As the researchers explained in the study: “The bacterial communities colonizing the human body play essential roles in the development of host immunity, metabolism, and behavior.”
Antibiotics have the ability to “disrupt the good bacteria in the microbiome, which protect against allergies and asthma,” Dr. Purvi Parikh, an allergist and immunologist with the Allergy and Asthma Network, tells Yahoo Life.
“So if you overuse antibiotics there is a risk of disrupting it and causing more issues down the line, such as allergies and asthma.”
Parikh says it’s important to note, though, that the study is “just an association or observation — not a direct cause and effect,” adding that a randomized double blind placebo study would be needed to determine that.
Dr. Alan Schroeder, a critical care specialist at Lucile Packard Children’s Hospital Stanford, agrees, and notes that the study also has some limitations. For example, “they don’t look at breastfeeding, which is a huge potential confounder here,” Schroeder tells Yahoo Life.
“Many studies have found breastfeeding reduces infection in the first couple of years of life and it reduces chronic diseases.”
According to the Centers for Disease Control and Prevention, infants who are breastfed have a lower risk of asthma, obesity and other health conditions.
It’s also possible that there are some underlying health conditions at play. “There may be things that are different about kids who wind up needing antibiotics,” says Schroeder, which may explain “some of the outcomes that we are seeing here.”
He adds that it’s possible “kids who are prone to some of these chronic disease like asthma may end up getting more respiratory infections in life, which drives antibiotic exposure.”
Dr.
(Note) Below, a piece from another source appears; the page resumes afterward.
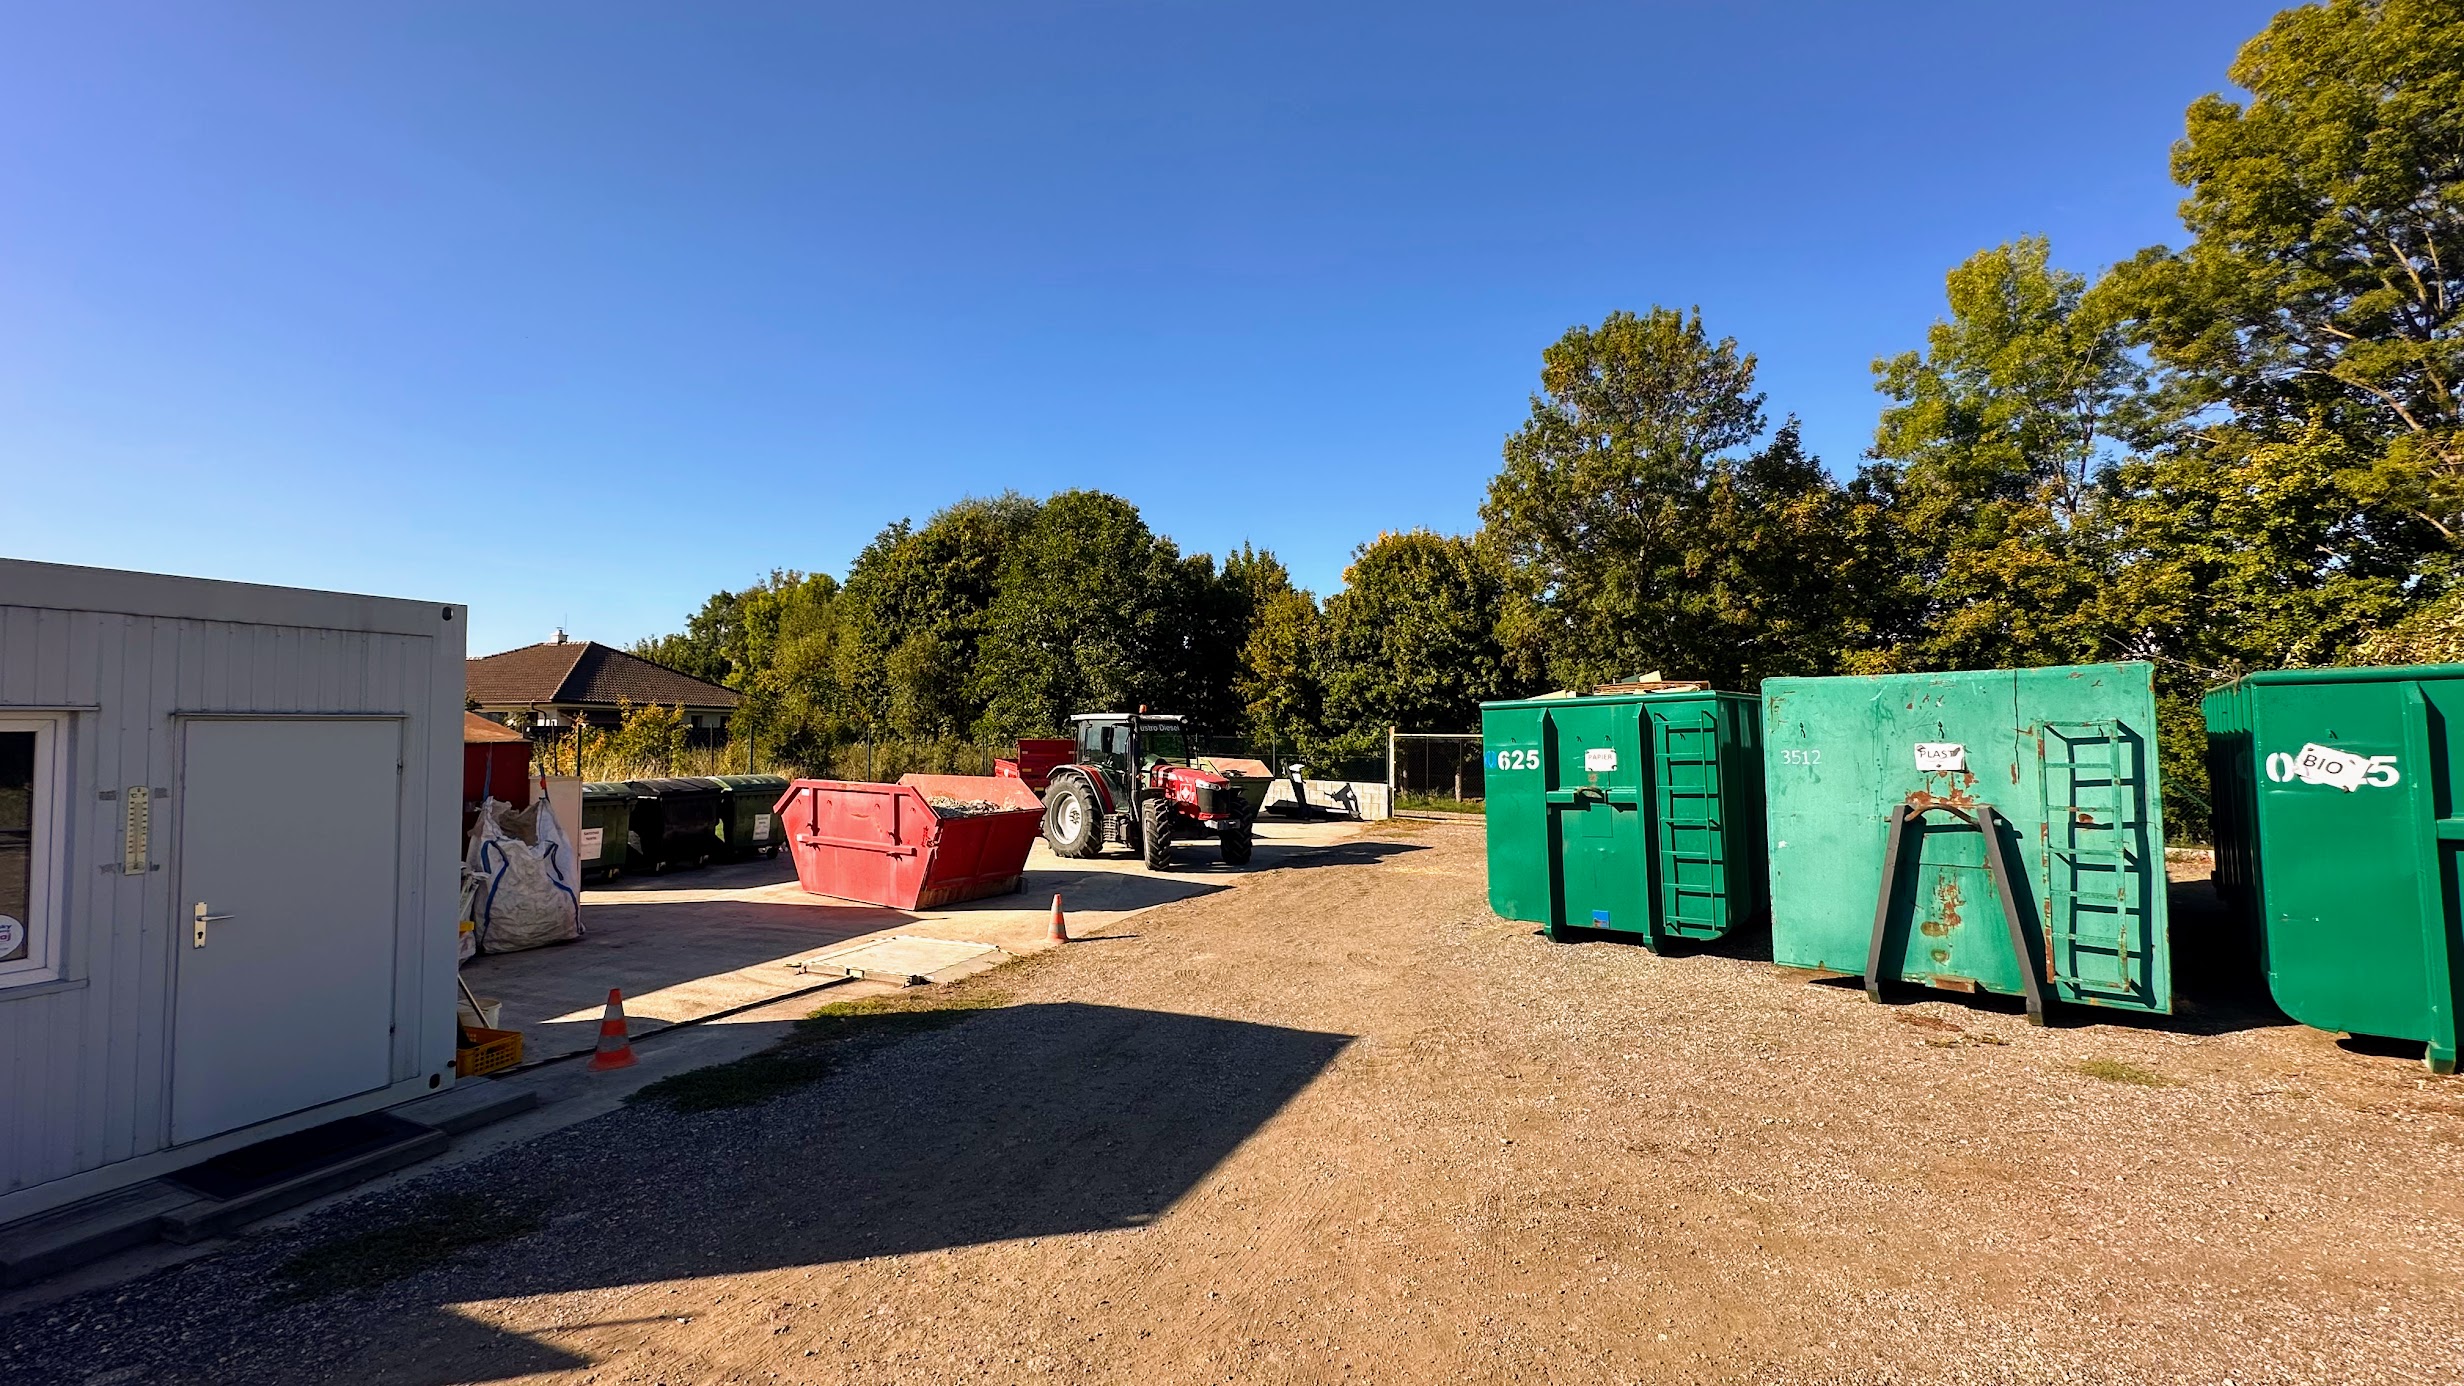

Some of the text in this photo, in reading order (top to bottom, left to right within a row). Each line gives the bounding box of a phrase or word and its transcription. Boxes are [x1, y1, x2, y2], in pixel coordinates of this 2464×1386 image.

Sheldon Kaplan, professor of pediatrics and head of the pediatric infectious disease section at Baylor College of Medicine, tells Yahoo Life:
“I don’t think this changes the safety profile” of antibiotics. “It’s something to keep in mind as a potential long-term effect of antibiotics on the microbiome, but we need further studies to really prove it.” He adds: “Antibiotics are generally very safe.”
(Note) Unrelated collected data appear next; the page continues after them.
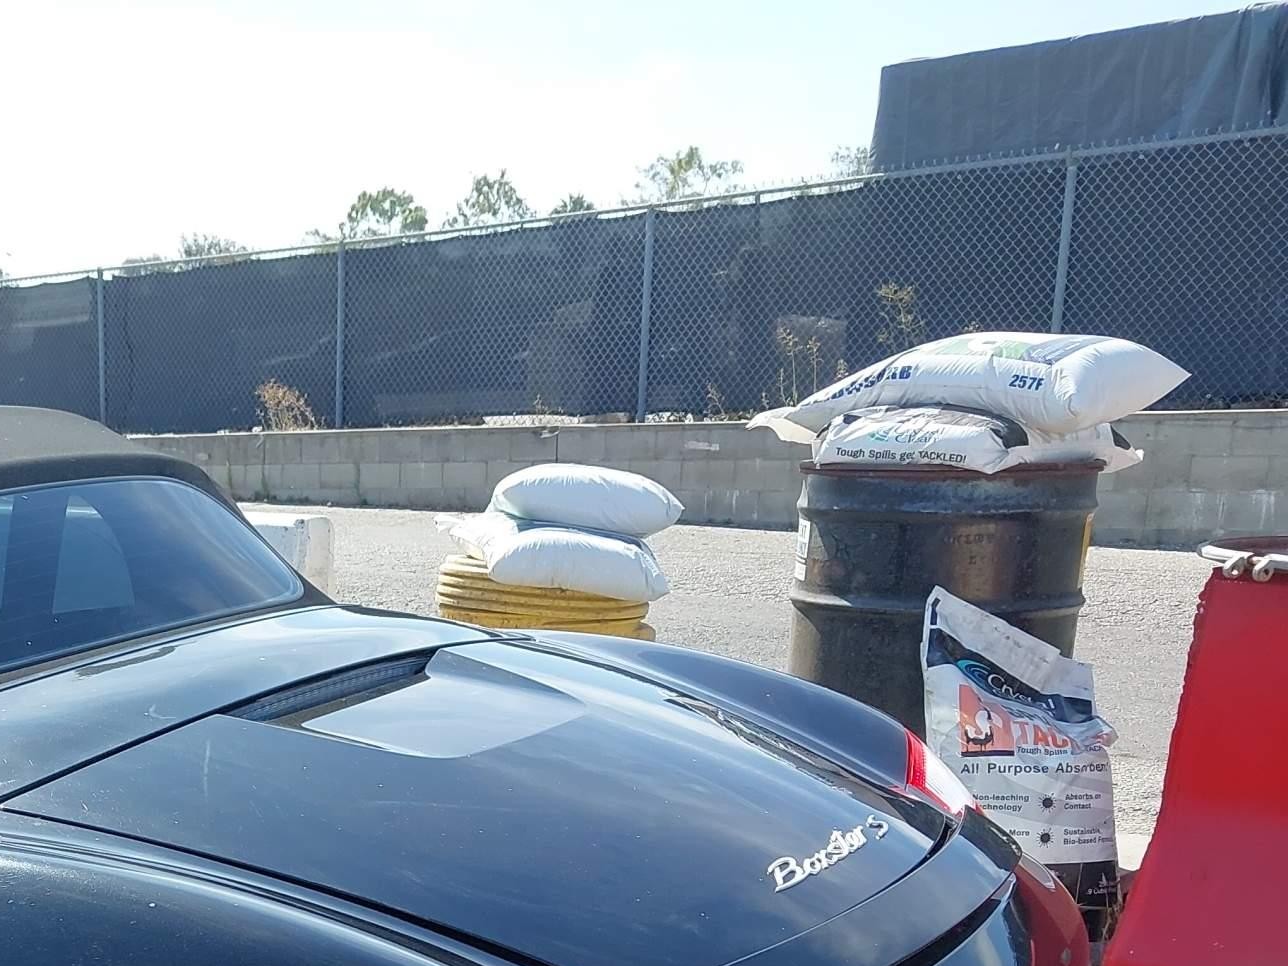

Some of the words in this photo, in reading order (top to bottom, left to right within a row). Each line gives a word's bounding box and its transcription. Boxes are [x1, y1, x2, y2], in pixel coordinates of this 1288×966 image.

[1009, 374, 1045, 391] 257F
[835, 447, 865, 459] Tough
[868, 449, 897, 461] Spills
[918, 450, 967, 464] TACKLED!
[1016, 746, 1042, 755] Tough
[961, 763, 979, 774] All
[987, 763, 1049, 776] Purpose
[972, 794, 1030, 803] Non-leaching
[982, 804, 1023, 812] chnology
[1064, 837, 1097, 845] Bio-based
[767, 825, 868, 893] Boxster
[866, 814, 889, 840] S
Schroeder, who wrote in a blog post that “antibiotics save lives, irrefutably,” tells Yahoo Life that the medications “really have been game-changers in the last half century.”
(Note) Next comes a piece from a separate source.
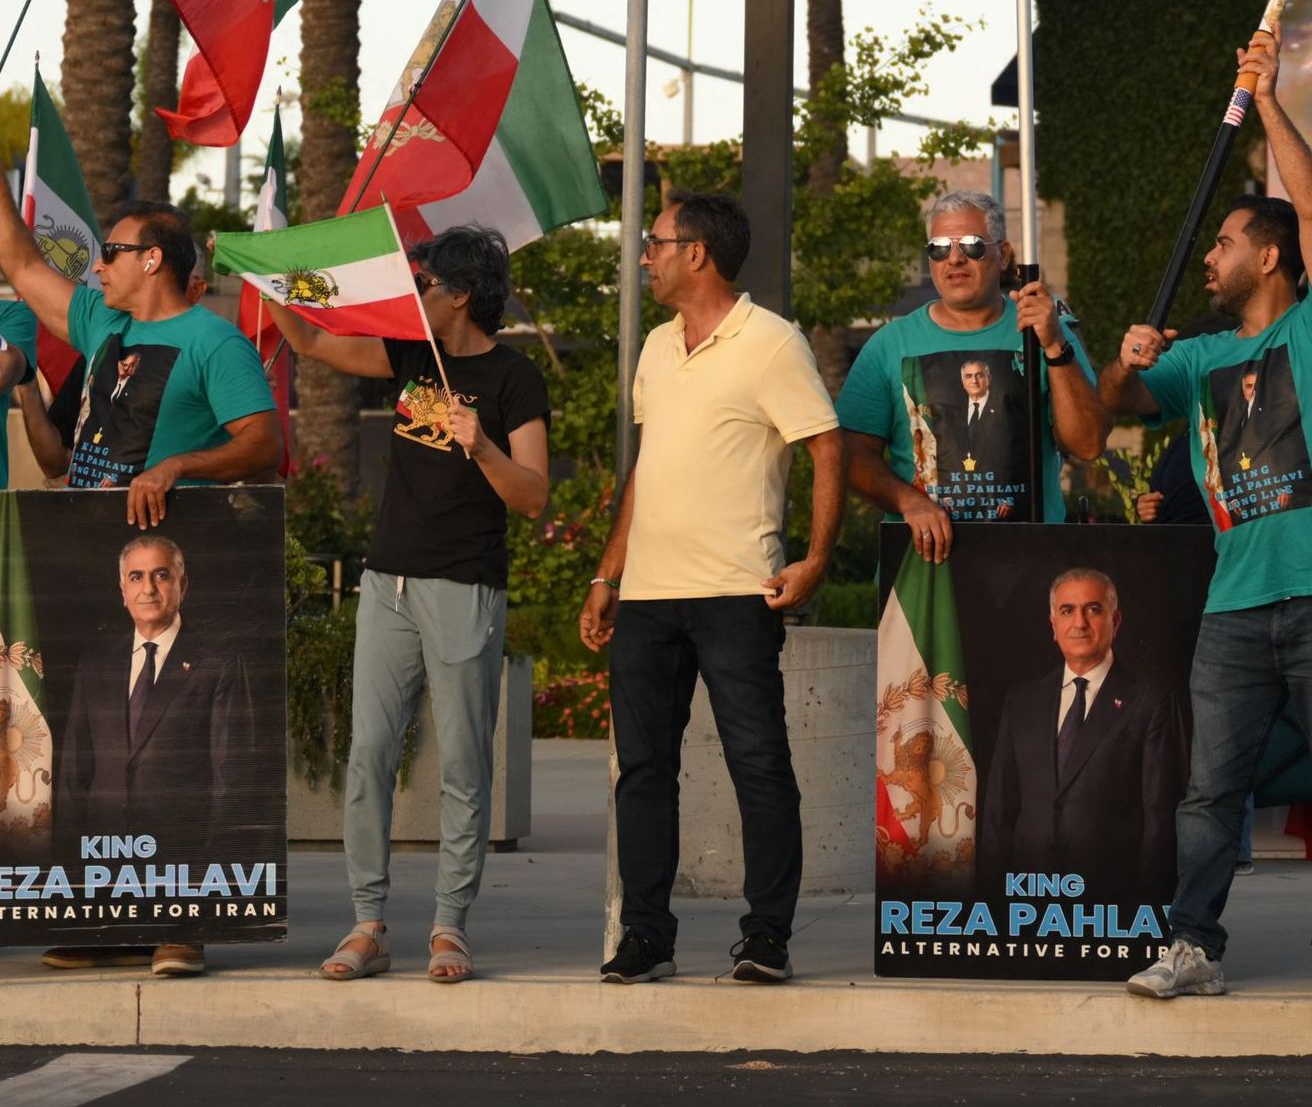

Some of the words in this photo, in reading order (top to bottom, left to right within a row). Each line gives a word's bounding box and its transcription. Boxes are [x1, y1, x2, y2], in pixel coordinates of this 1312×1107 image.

The study simply “underscores the importance of using antibiotics in the most careful way,” says Kaplan, by focusing on only prescribing them to treat “true bacterial infections.”
Parikh agrees, adding that “antibiotics should be used if needed” and that this study is more about cautioning against “unnecessary use.”
Adds Schroeder: “Not everything warrants an antibiotic.” But, he says, “In the end, you want to trust your pediatrician. If they feel strongly that it’s indicated, it’s probably worth giving.”
LeBrasseur hopes this research will increase awareness and lead to efforts “to guide the appropriate use of antibiotics in children.” He says, “Further studies will hopefully provide clearer guidelines on which antibiotics are effective yet pose the lowest risk.”